Upon Montrose Clark’s chubby facial contours appeared a heightened color. “No; by thunder! It is n’t. Will you sit here, young lady, and keep out of sight of pursuers until I can catch and fetch Selden Dana?”

Marcia had not long to wait. The Judge was retrieved from a circle of the elderly, harmless, but influential, with whom he had been discussing cures. The two men sat and drank more tea than was good for them, while Marcia made her argument and plea. Then said Selden Dana to Montrose Clark, smiling: “Let’s buy out The Guardian and turn it over to her to run.”

“We might do worse,” conceded the magnate.

“It is not to be bought,” said Marcia.

“Have you tried?” the lawyer flashed at her. “You have,” he answered himself, marking the response in her face. “Well, I am dashed!” He and Montrose Clark exchanged glances. “Business is business,” observed the lawyer with apparent irrelevance, but in the tone of one who strives to recall a wandering purpose.

“Quite so!” murmured Montrose Clark. “Quite so!” But there was a lack of conviction in his voice.

“Miss Ames,” said Dana, “I pride myself on being a judge of character. Sometimes I meet a problem that puzzles me. Why has n’t Jem Robson gone into uniform?”

“Do you think Mr. Robson is a slacker?” she shot back at him.

“Not if I read him right. That’s what puzzles me about his staying behind.”

“Did it not occur to you that he has a more important fight here than there?”

“It might occur to me,” admitted the lawyer. “But I don’t know that I’d care to have it occur to a son of mine.”

She gave him her flashing smile. “That is clever of you,” she said. “I like that! And now I will violate a confidence, but it must go no farther. The doctor would not pass Mr. Robson for active service. Mr. Galpin told me.”

“I never take an afternoon off,” sighed the lawyer, “but some obtrusive business crops up and ruins the day’s sport. Let’s go down to the office, Mr. Clark, and talk this over.”

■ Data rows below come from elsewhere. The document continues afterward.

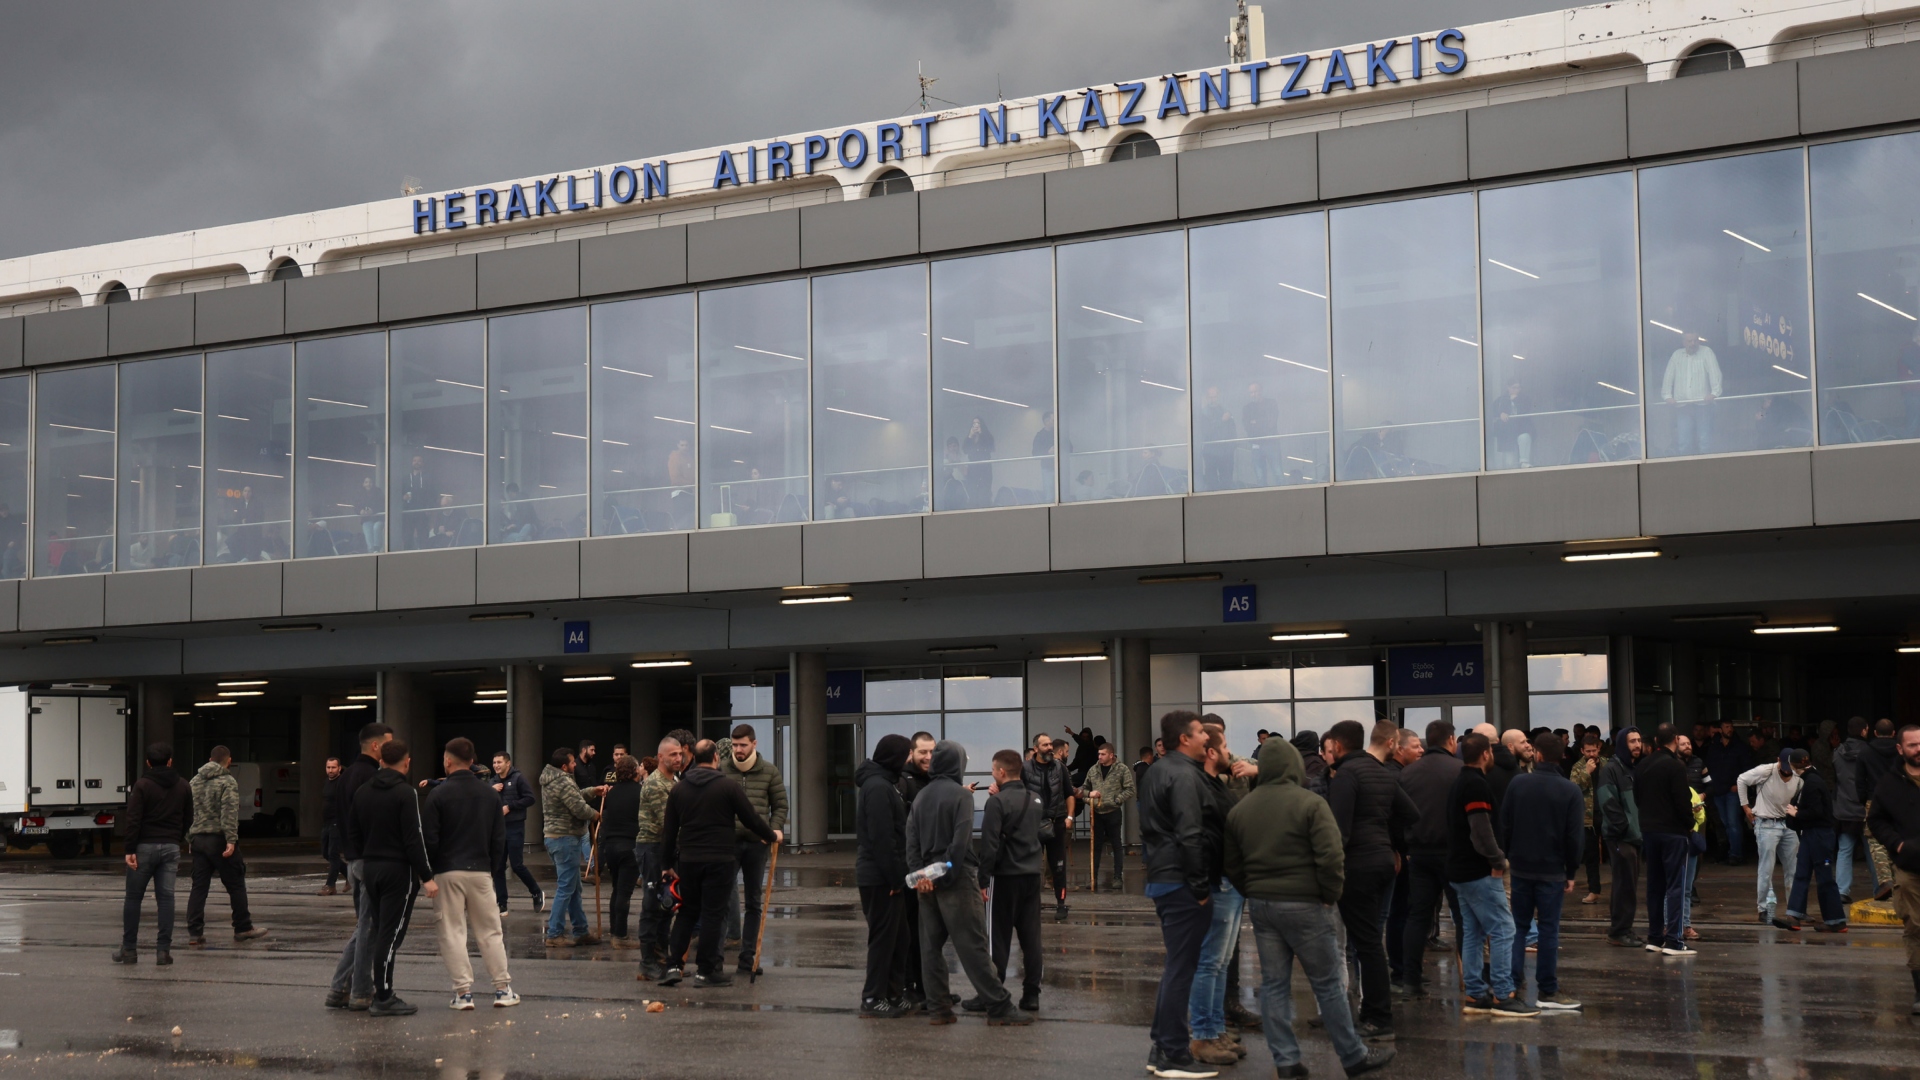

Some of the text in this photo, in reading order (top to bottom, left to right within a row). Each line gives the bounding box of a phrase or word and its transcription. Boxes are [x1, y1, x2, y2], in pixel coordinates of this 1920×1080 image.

[412, 158, 669, 235] HERAKLION
[712, 115, 938, 190] AIRPORT
[1229, 595, 1250, 612] A5
[568, 630, 585, 644] A4
[1412, 670, 1434, 679] Gate
[1451, 661, 1475, 677] A5
[826, 685, 841, 699] A4

One more bit of meddling with the irresponsible fates which rule men and newspapers was committed by Miss Ames that afternoon. Magnus Laurens, just off a train, came in late to the tea, and was straightway seized upon.

“Uncle Magnus! Where have you been, all these weeks and months?”

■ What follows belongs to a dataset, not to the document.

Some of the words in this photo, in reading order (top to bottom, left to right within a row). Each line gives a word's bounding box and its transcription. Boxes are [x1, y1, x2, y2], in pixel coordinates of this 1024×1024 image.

“Well, Marcia!” He took both her hands and looked down into her face. “What a sight you are! If you’re ever allowed to get away from America again, I’ll lose all faith in our young manhood....Where have I been? Here and there and everywhere. Organizing the State Council of Defense. Raising money. Trips to Washington. Letting family and business go to the bow-wows.”

“Are you in touch with Fenchester matters?”

“Hello! What’s this? You’re talking like a politician. After my vote?”

“Do you know that The Guardian has been making the fight almost alone here against the anti-war crowd?” Magnus Laurens rubbed his big, gray head perplexedly. “I’ve got to look into that situation. When Jeremy Robson went back on us—”

“Jeremy Robson never went back on you! At least, not since war was probable. And—and your company is choking The Guardian to death with a contract dishonestly made by Senator Embree’s man, Verrall.”

“The devil! I beg your pardon, Marcia. Where did you learn these interesting facts—if they are facts?”

“From Mr. Galpin.”

“Oh! Hardly a disinterested witness.”

“Uncle Magnus, I wish you to promise me just one thing.”

“Not so foolish! What is it?”

“I wish you to go to the Library this evening—no matter how busy you are—and go over the files of The Guardian since last March.”

“I’ll do that much,” he agreed.

“Then you will do more,” said Marcia contentedly. That first day’s confabulation between Marcia and Galpin, the scope of which its object, Jeremy Robson, little suspected, was bearing fruit.